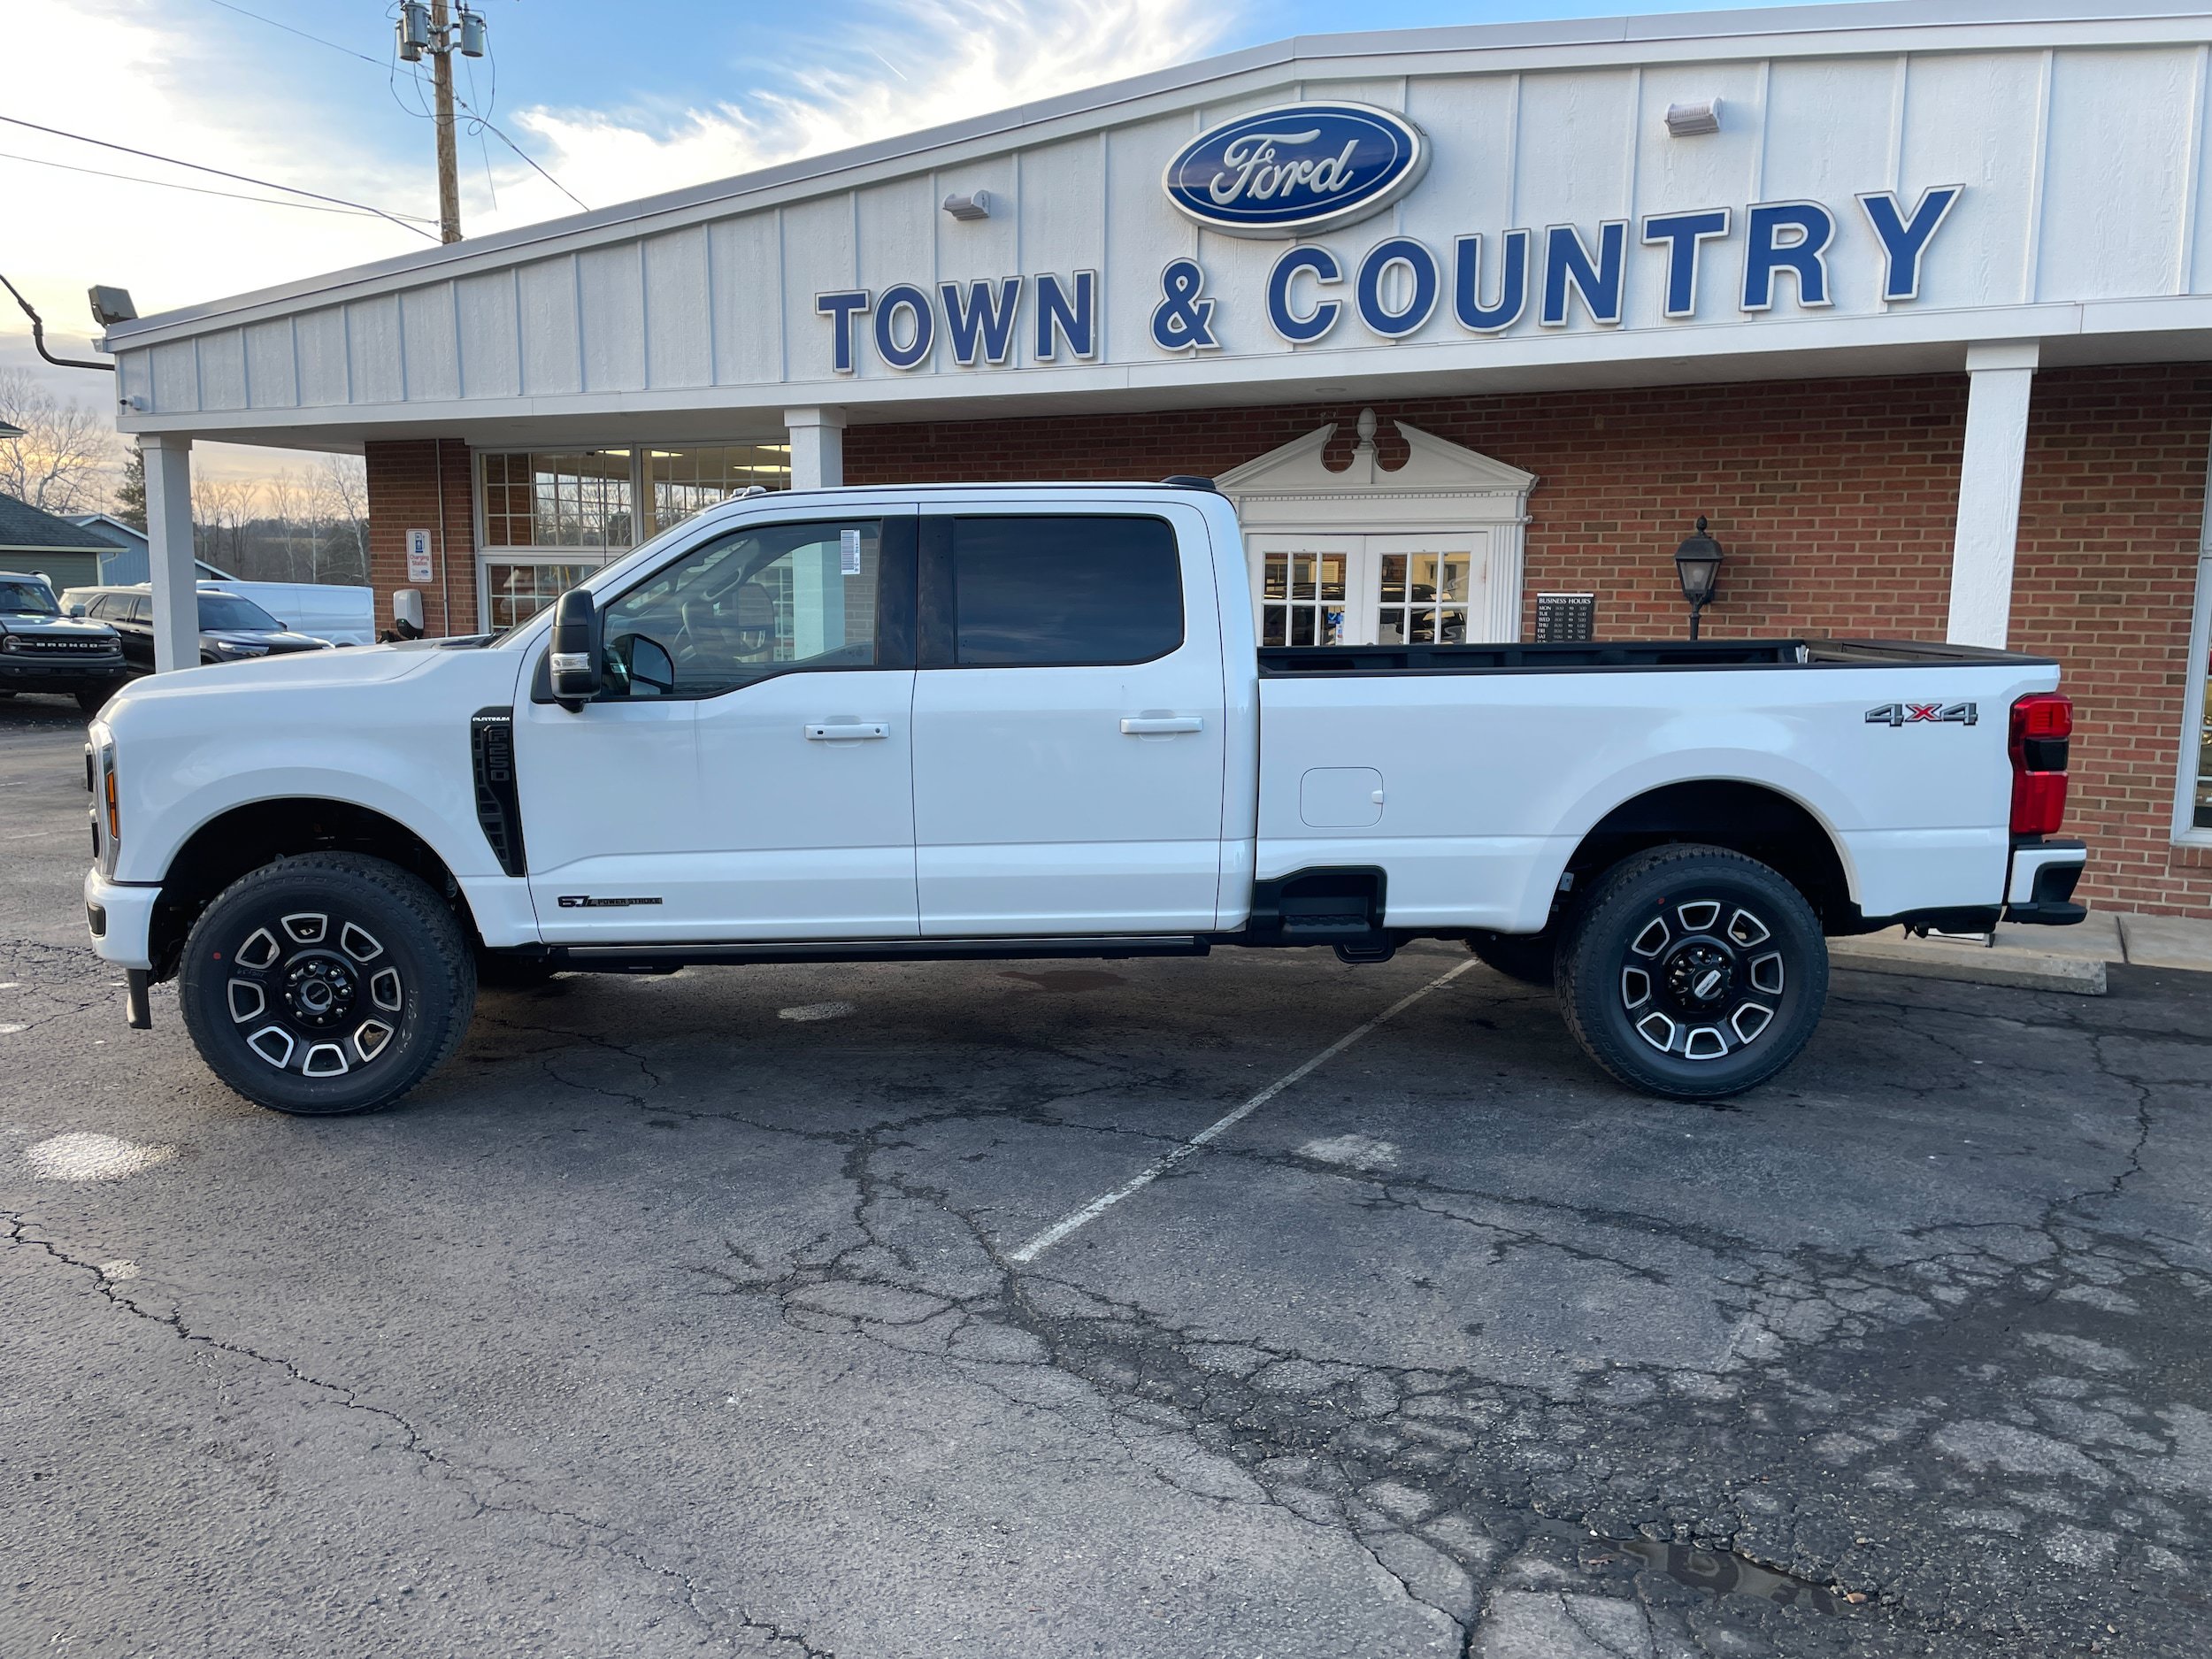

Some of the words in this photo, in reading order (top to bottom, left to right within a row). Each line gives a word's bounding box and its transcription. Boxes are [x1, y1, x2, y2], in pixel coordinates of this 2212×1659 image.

[1209, 128, 1358, 206] Ford
[815, 268, 1097, 374] TOWN
[1149, 256, 1222, 353] &
[1265, 183, 1966, 345] COUNTRY
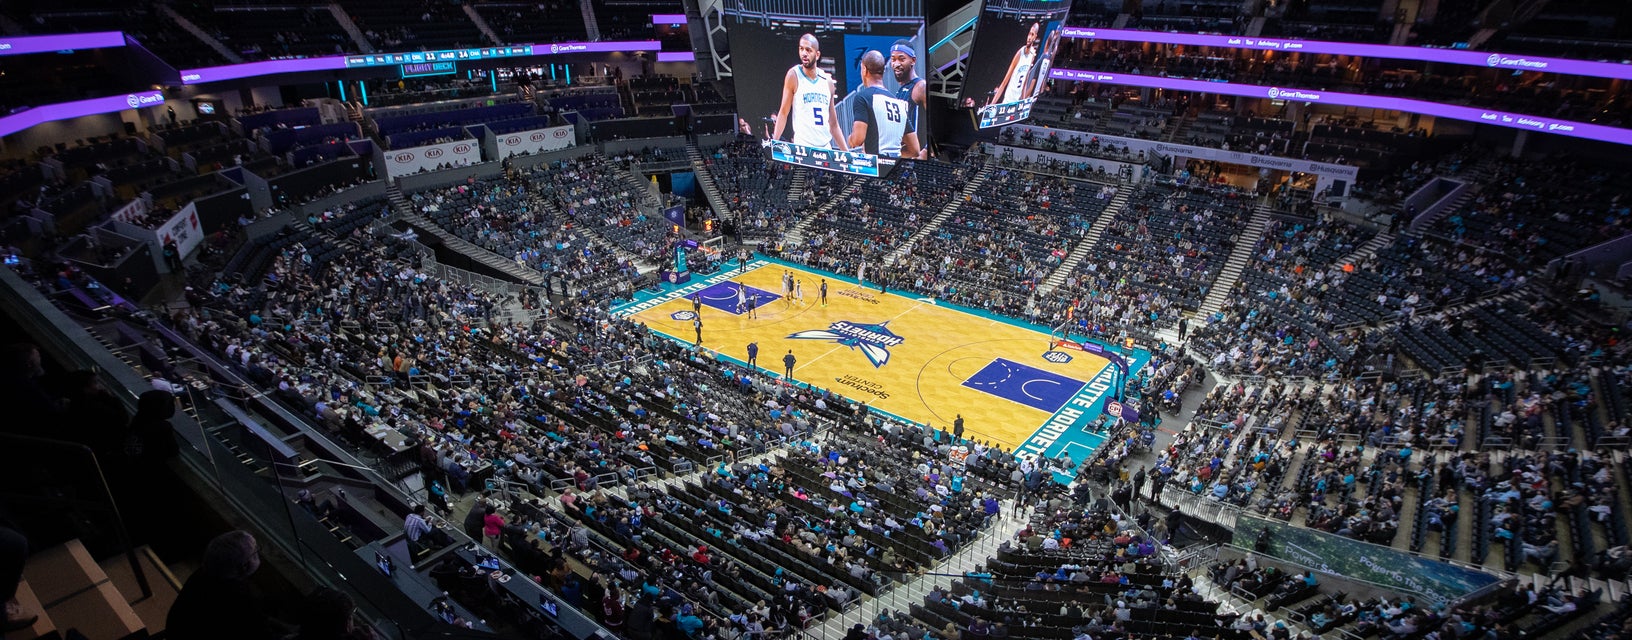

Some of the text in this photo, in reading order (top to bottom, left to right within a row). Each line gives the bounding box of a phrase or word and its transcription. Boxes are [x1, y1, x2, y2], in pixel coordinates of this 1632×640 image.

[1258, 40, 1280, 48] Advisory
[404, 61, 453, 74] FLIGHT DECK
[1077, 72, 1094, 80] Advisory
[803, 92, 828, 106] HORNETS
[1295, 91, 1320, 99] Thornton
[813, 107, 824, 125] 5
[885, 100, 901, 123] 53
[1481, 112, 1498, 120] Audit
[1517, 117, 1545, 129] Advisory
[1548, 122, 1574, 131] gt.com
[795, 145, 808, 157] 11
[812, 151, 828, 160] 4:48
[833, 151, 848, 163] 14
[1163, 145, 1193, 154] Husqvarna
[1257, 158, 1292, 168] Husqvarna
[1317, 165, 1354, 176] Husqvarna
[832, 321, 902, 346] HORNETS
[838, 378, 890, 400] Spectrum
[843, 374, 883, 390] CENTER
[1016, 406, 1083, 462] HORNETS
[1360, 555, 1390, 576] Power
[1390, 571, 1403, 582] To
[1404, 577, 1423, 592] The

○ ○ ○ ○ ○ ○ ○

With the images removed, write out all of the material above exactly.

Some of the words in this photo, in reading order (top to bottom, left to right within a row). Each line gives a word's bounding box and its transcription. Boxes are [x1, y1, x2, y2], in pixel coordinates of this 2212×1659 image.

[1209, 128, 1358, 206] Ford
[815, 268, 1097, 374] TOWN
[1149, 256, 1222, 353] &
[1265, 183, 1966, 345] COUNTRY

Some of the text in this photo, in reading order (top to bottom, left to right within a row). Each line gives the bounding box of a phrase or word and its transcription. Boxes are [x1, y1, x2, y2], in pixel coordinates of this 1632×640 image.

[1258, 40, 1280, 48] Advisory
[404, 61, 453, 74] FLIGHT DECK
[1077, 72, 1094, 80] Advisory
[803, 92, 828, 106] HORNETS
[1295, 91, 1320, 99] Thornton
[813, 107, 824, 125] 5
[885, 100, 901, 123] 53
[1481, 112, 1498, 120] Audit
[1517, 117, 1545, 129] Advisory
[1548, 122, 1574, 131] gt.com
[795, 145, 808, 157] 11
[812, 151, 828, 160] 4:48
[833, 151, 848, 163] 14
[1163, 145, 1193, 154] Husqvarna
[1257, 158, 1292, 168] Husqvarna
[1317, 165, 1354, 176] Husqvarna
[832, 321, 902, 346] HORNETS
[838, 378, 890, 400] Spectrum
[843, 374, 883, 390] CENTER
[1016, 406, 1083, 462] HORNETS
[1360, 555, 1390, 576] Power
[1390, 571, 1403, 582] To
[1404, 577, 1423, 592] The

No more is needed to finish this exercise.